As you know, the company is a large financial institution. It provides investment and insurance services. But now is a tough time for cyclicals, including financials. Low interest rates, low insurance costs and investors’ panic all add up to uncertainty around Legal & General. As a result, the company’s shares trade at levels unseen since 2016. Let’s look at the fundamentals to see whether the low share price is justified.

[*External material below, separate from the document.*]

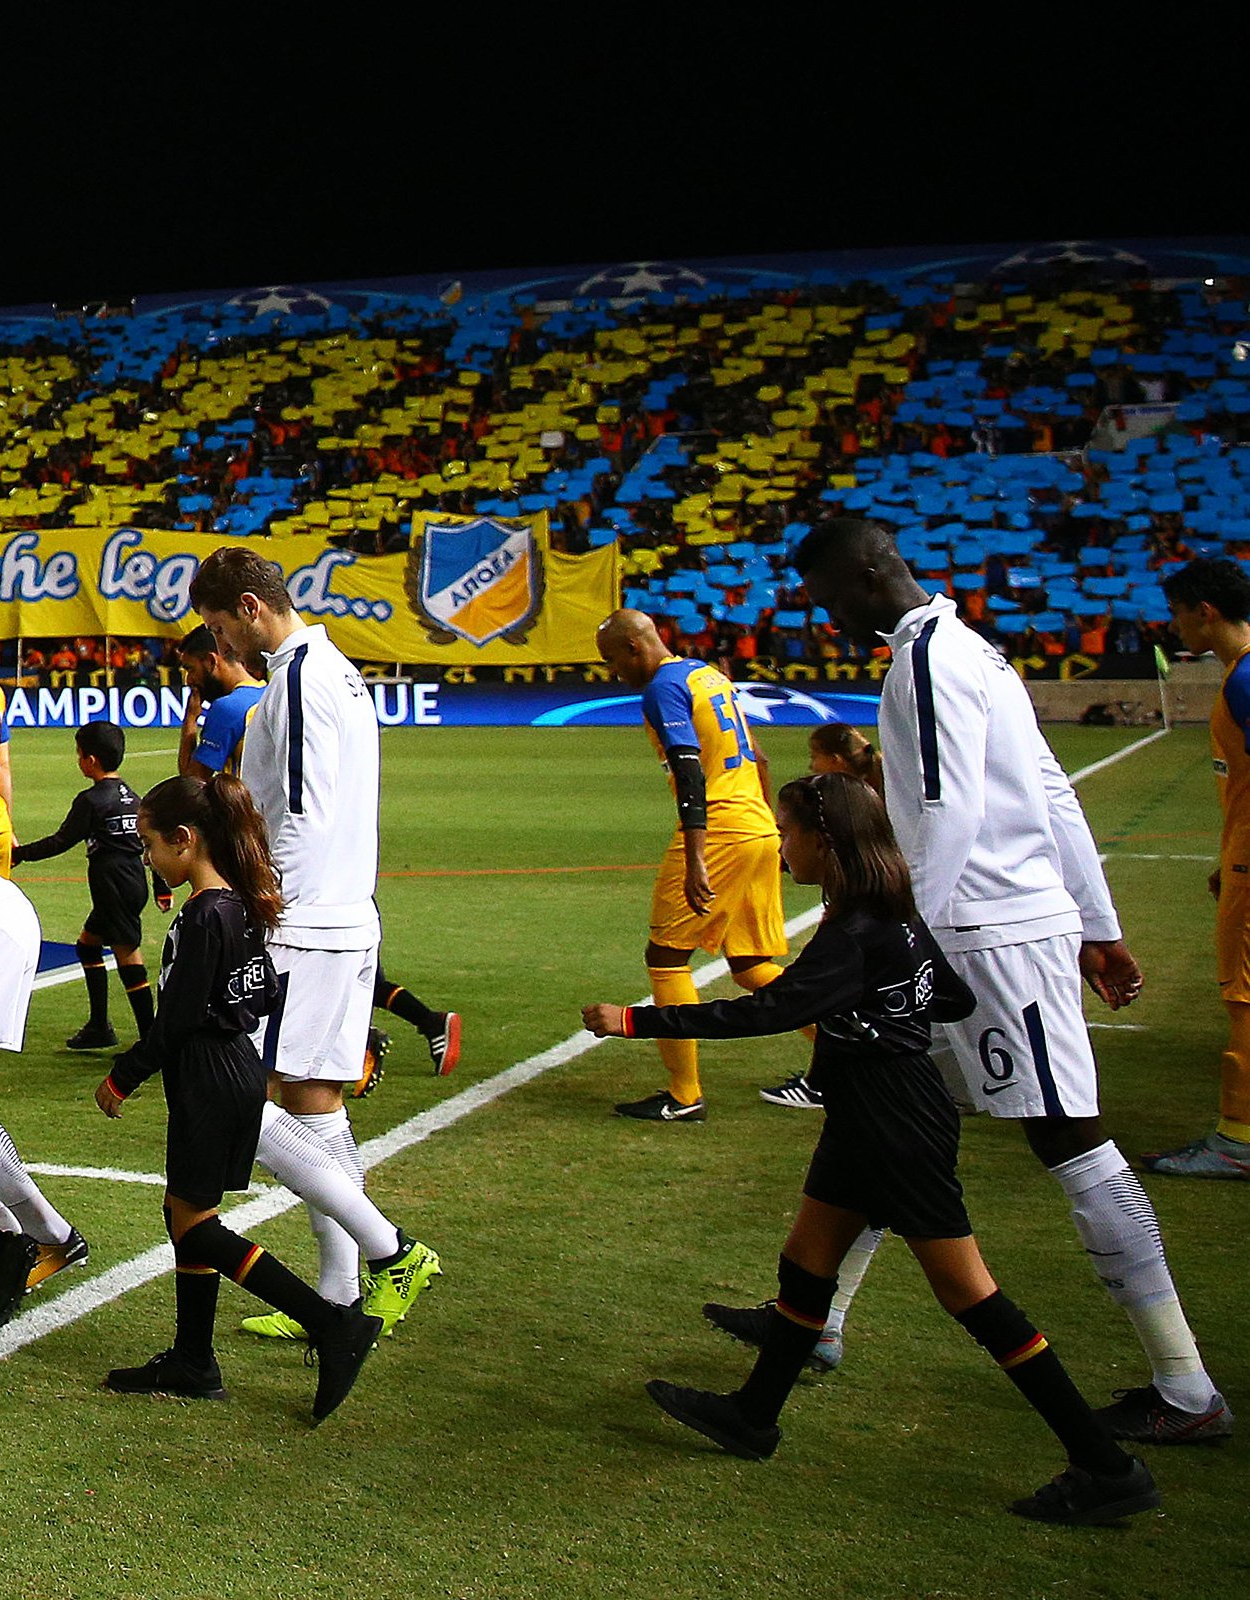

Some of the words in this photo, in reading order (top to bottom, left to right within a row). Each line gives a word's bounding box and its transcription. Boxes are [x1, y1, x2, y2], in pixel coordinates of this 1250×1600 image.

FTSE 100 company’s fundamentals
|P/E ratio||Dividend yield||ROE||Moody’s credit rating||S&P credit rating||Book value per share||P/B|
Source: Legal & General
I think there are plenty of things that make the company look like a great investment opportunity and a steal at the current share price. Needless to say, the price-to-earnings ratio of about 7 makes it look like a bargain. Legal & General seems to be a highly efficient business as its ROE ratio (return-on-equity) is above 20%. Generally, an ROE of 15%-20% is considered to be good.
The dividend yield of 8.7% (over and above the FTSE 100’s average of about 4%) looks great. But what I particularly like about the dividend is the fact that it seems to be sustainable. Despite pressure from the Bank of England and the stream of UK banks cancelling dividends, Legal & General still decided to pay one this year.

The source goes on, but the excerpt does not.